PERATURAN PEMERINTAH REPUBLIK INDONESIA
NOMOR 36 TAHUN 2014
TENTANG KESEHATAN
BAB I KETENTUAN UMUM
Pasal 1
1.    Tenaga Kesehatan adalah setiap orang yang mengabdikan diri dalam bidang kesehatan serta memiliki pengetahuan dan/atau keterampilan melalui pendidikan di bidang kesehatan yang untuk jenis tertentu memerlukan kewenangan untuk melakukan upaya kesehatan.
2.   Asisten Tenaga Kesehatan adalah setiap orang yang mengabdikan diri dalam bidang kesehatan serta memiliki pengetahuan dan/atau keterampilan melalui pendidikan bidang kesehatan di bawah jenjang Diploma Tiga.
7. Sertifikat Kompetensi adalah surat tanda pengakuan terhadap Tenaga Kesehatan untuk dapat menjalankan praktik di seluruh Indonesia setelah lulus uji Kompetensi.
8. Sertifikat Profesi adalah surat tanda pengakuan untuk melakukan praktik profesi yang diperoleh lulusan pendidikan profesi
10. Surat Tanda Registrasi yang selanjutnya disingkat STR adalah bukti  tertulis yang diberikan oleh konsil masing-masing Tenaga Kesehatan kepada Tenaga Kesehatan yang telah diregistrasi.
11. Surat Izin Praktik yang selanjutnya disingkat SIP adalah bukti
      Tertulis yang diberikan oleh pemerintah daerah   
      kabupaten/kota kepada Tenaga Kesehatan sebagai
     pemberian kewenangan untuk menjalankan praktik.
 BAB III
KUALIFIKASI DAN PENGELOMPOKAN TENAGA KESEHATAN
PASAL 11
(6) Jenis Tenaga Kesehatan yang termasuk dalam kelompok tenaga kefarmasian sebagaimana dimaksud pada ayat (1) huruf e terdiri atas apoteker dan tenaga teknis kefarmasian.
BAB X
PENYELENGGARAAN KEPROFESIAN
PASAL 65
(2) Dalam melakukan pekerjaan kefarmasian, tenaga teknis kefarmasian dapat menerima pelimpahan pekerjaan kefarmasian dari tenaga apoteker.
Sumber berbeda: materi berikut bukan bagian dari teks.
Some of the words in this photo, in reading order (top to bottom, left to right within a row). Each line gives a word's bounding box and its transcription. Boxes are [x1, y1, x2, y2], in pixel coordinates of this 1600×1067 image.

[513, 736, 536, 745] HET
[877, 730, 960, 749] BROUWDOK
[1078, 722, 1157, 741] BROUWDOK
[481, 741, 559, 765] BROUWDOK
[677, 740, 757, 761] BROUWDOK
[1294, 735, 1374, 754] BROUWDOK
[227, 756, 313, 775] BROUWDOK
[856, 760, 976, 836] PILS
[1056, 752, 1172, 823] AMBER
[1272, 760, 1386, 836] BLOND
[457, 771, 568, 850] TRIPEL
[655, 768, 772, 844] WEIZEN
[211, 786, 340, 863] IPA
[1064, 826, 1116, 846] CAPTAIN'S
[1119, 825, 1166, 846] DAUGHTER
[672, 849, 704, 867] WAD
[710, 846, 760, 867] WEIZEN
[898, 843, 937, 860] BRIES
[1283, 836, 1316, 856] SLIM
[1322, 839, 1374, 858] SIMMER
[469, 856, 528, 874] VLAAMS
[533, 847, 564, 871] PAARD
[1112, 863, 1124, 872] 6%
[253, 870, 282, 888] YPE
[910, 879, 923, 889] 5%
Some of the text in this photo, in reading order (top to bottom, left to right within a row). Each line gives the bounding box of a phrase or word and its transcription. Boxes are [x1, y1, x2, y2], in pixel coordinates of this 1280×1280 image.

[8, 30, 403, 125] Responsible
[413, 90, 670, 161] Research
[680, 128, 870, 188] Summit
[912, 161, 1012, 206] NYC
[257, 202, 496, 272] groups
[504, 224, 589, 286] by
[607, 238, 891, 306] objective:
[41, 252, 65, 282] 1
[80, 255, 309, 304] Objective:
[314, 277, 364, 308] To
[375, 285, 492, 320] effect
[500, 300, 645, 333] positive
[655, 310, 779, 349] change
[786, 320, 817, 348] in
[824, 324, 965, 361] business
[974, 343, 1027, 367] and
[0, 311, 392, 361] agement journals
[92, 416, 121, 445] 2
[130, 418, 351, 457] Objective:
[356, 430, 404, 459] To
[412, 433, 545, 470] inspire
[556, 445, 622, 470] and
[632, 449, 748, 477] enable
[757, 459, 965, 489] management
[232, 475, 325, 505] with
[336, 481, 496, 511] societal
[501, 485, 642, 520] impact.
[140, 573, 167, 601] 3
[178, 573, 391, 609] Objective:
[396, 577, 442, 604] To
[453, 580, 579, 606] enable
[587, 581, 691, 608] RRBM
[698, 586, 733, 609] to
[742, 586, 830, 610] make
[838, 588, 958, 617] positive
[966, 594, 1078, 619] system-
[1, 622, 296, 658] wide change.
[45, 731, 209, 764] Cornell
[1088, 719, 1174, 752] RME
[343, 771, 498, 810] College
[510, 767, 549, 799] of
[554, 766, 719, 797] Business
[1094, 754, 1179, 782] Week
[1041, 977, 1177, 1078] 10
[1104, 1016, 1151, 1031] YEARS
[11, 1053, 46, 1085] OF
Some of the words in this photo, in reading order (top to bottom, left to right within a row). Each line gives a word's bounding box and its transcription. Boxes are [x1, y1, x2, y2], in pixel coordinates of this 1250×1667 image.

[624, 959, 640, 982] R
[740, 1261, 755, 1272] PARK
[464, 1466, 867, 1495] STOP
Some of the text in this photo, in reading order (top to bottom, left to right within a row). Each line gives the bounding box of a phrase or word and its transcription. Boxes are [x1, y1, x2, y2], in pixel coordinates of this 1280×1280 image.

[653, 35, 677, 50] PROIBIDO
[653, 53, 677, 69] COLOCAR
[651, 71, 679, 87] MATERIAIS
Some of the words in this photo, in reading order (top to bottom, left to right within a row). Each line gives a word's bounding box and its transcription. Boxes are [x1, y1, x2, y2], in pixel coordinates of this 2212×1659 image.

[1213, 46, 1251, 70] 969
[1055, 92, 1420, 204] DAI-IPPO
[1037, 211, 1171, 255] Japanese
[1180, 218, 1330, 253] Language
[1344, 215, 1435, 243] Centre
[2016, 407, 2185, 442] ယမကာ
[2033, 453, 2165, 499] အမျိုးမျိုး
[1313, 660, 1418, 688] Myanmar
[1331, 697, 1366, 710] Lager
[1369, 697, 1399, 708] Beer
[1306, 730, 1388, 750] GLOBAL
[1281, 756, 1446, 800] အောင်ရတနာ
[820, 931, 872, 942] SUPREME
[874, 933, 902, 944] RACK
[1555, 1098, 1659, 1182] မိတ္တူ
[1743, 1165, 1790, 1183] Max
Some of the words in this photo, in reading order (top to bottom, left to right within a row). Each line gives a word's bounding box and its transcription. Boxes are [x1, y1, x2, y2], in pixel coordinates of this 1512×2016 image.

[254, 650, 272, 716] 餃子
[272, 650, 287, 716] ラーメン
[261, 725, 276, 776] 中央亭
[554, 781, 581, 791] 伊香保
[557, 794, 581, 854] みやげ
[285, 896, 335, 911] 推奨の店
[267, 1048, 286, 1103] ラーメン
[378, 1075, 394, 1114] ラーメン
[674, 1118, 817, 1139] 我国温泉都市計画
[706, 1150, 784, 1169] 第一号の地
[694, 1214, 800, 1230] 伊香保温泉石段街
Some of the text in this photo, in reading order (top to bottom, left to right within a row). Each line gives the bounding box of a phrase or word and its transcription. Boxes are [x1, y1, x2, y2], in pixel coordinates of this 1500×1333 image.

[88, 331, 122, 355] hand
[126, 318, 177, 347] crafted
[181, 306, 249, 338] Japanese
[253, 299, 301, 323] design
(3)   Pelimpahan tindakan sebagaimana dimaksud pada ayat (1)  dan ayat (2) dilakukan dengan ketentuan:
a. tindakan yang dilimpahkan termasuk dalam kemampuan dan keterampilan yang telah dimiliki oleh penerima pelimpahan;
b. pelaksanaan tindakan yang dilimpahkan tetap di bawah pengawasan pemberi pelimpahan;
c. pemberi pelimpahan tetap bertanggung jawab atas tindakan yang dilimpahkan sepanjang pelaksanaan tindakan sesuai dengan pelimpahan yang diberikan; dan
d. tindakan yang dilimpahkan tidak termasuk pengambilan keputusan sebagai dasar pelaksanaan tindakan.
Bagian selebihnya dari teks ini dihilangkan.